Tall slitted windows cut the tower sides. Someone had hacked the ivy back from the windows, and the broken stems stuck out in ragged spikes.

“Your grandparents' house,” her father said, as if it were the most natural thing in the world, and pushed open his car door.

Sarah sat frozen in place. There weren't even power lines or phone lines or anything. He was going to leave her here, out in the
middle of nowhere
in a ruin with people she'd never met. She clutched her seat belt, holding on to it desperately. Perhaps if she just never left the car, he'd be forced to drive back with her—

“Out,” he said. “They're expecting you.”

She swallowed, and made her fingers push the release button. There was no one waiting for them at all. Perhaps her father really had gone mad. She couldn't help but look at his hands, half expecting to see him holding an ax or something. No one would ever find her body out here.

Nothing. Of course nothing. She let herself breathe. The air tasted sweet and green, full of damp flavor. “A castle—really?” Sarah's voice sounded high and scared, though she was trying for a joke. “You never told me we were part of a royal family.”
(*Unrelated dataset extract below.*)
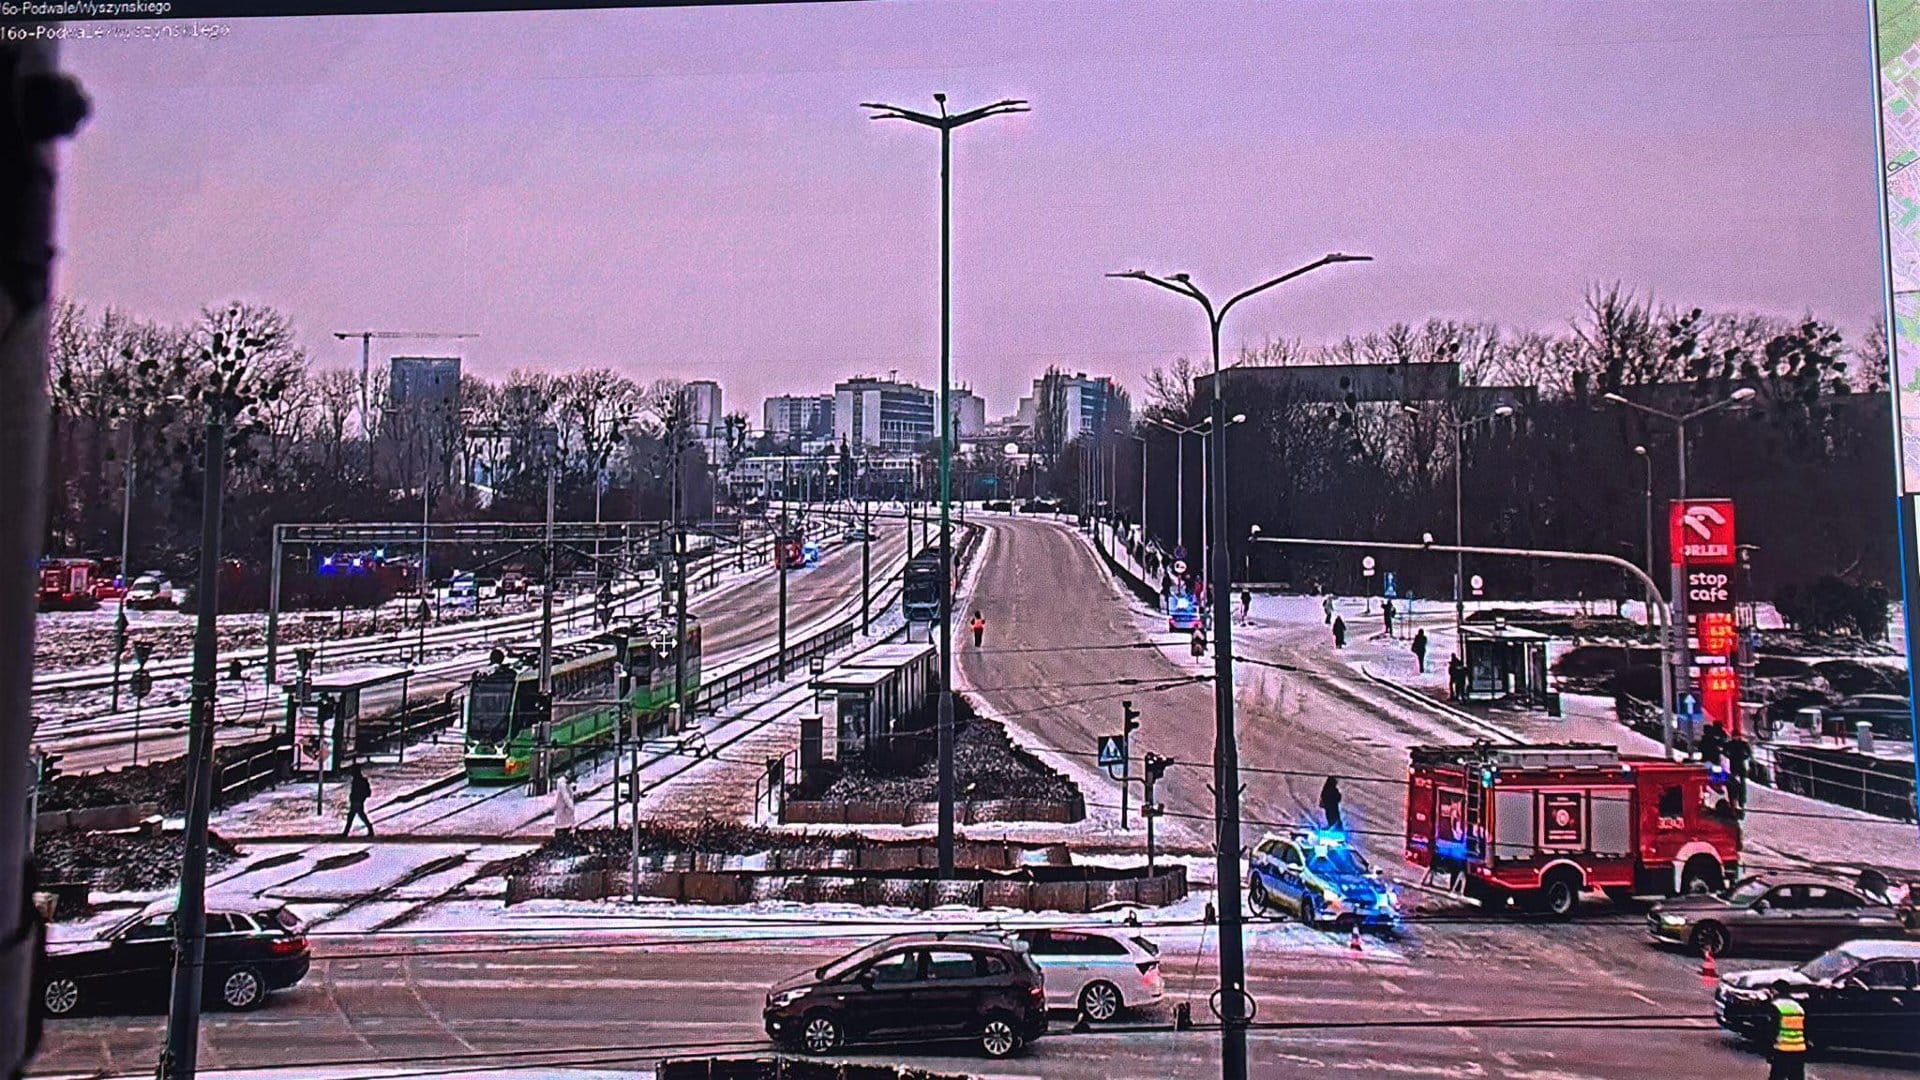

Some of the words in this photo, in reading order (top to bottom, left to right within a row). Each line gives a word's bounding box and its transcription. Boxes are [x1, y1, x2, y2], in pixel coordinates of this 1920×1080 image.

“It never seemed important,” he answered. “And it's not much of a castle, either,” he added. “Come on. Your grandmother will be waiting. She's old, and she likes things to happen in a timely manner.”

Thoughts of a round and rosy-cheeked grandma with wispy-wool hair in a sensible bun went hurtling off into the distance. Sarah stepped out of the car and dragged her suitcase from the trunk.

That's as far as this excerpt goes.